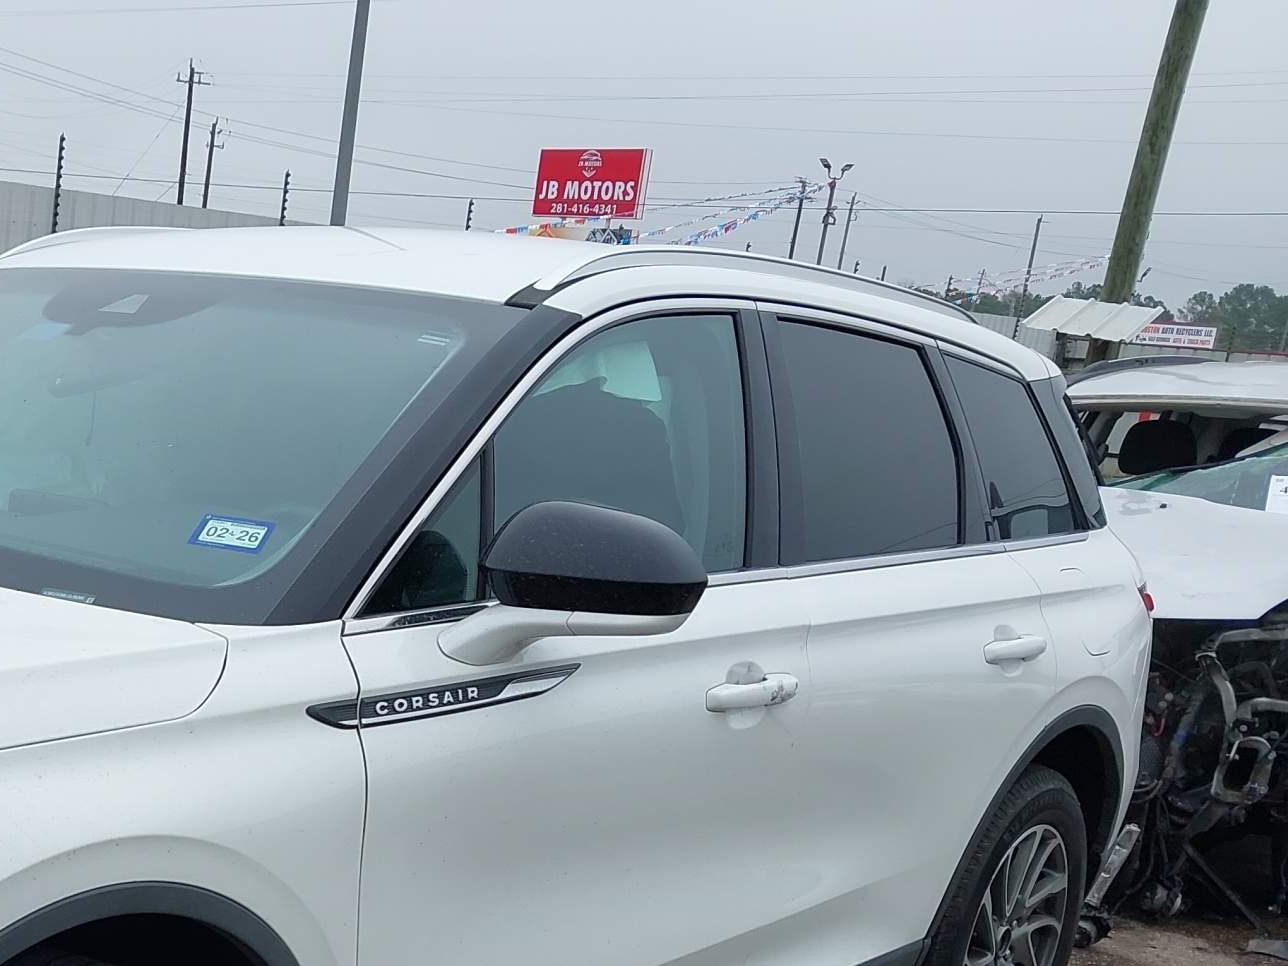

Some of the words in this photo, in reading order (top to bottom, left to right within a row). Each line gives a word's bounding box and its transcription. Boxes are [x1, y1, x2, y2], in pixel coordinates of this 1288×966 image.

[539, 180, 558, 200] JB
[565, 181, 634, 201] MOTORS
[550, 203, 617, 214] 281-416-4341
[206, 526, 229, 538] 02
[236, 530, 261, 543] 26
[375, 687, 479, 715] CORSAIR

§ §

What to produce
Print each line above exactly as it appears, excluding all images.

Answer to this exercise
Some of the words in this photo, in reading order (top to bottom, left to right within a row). Each line gives a word's bounding box and its transcription. Boxes are [x1, y1, x2, y2], in pixel coordinates of this 1288×966 image.

[539, 180, 558, 200] JB
[565, 181, 634, 201] MOTORS
[550, 203, 617, 214] 281-416-4341
[206, 526, 229, 538] 02
[236, 530, 261, 543] 26
[375, 687, 479, 715] CORSAIR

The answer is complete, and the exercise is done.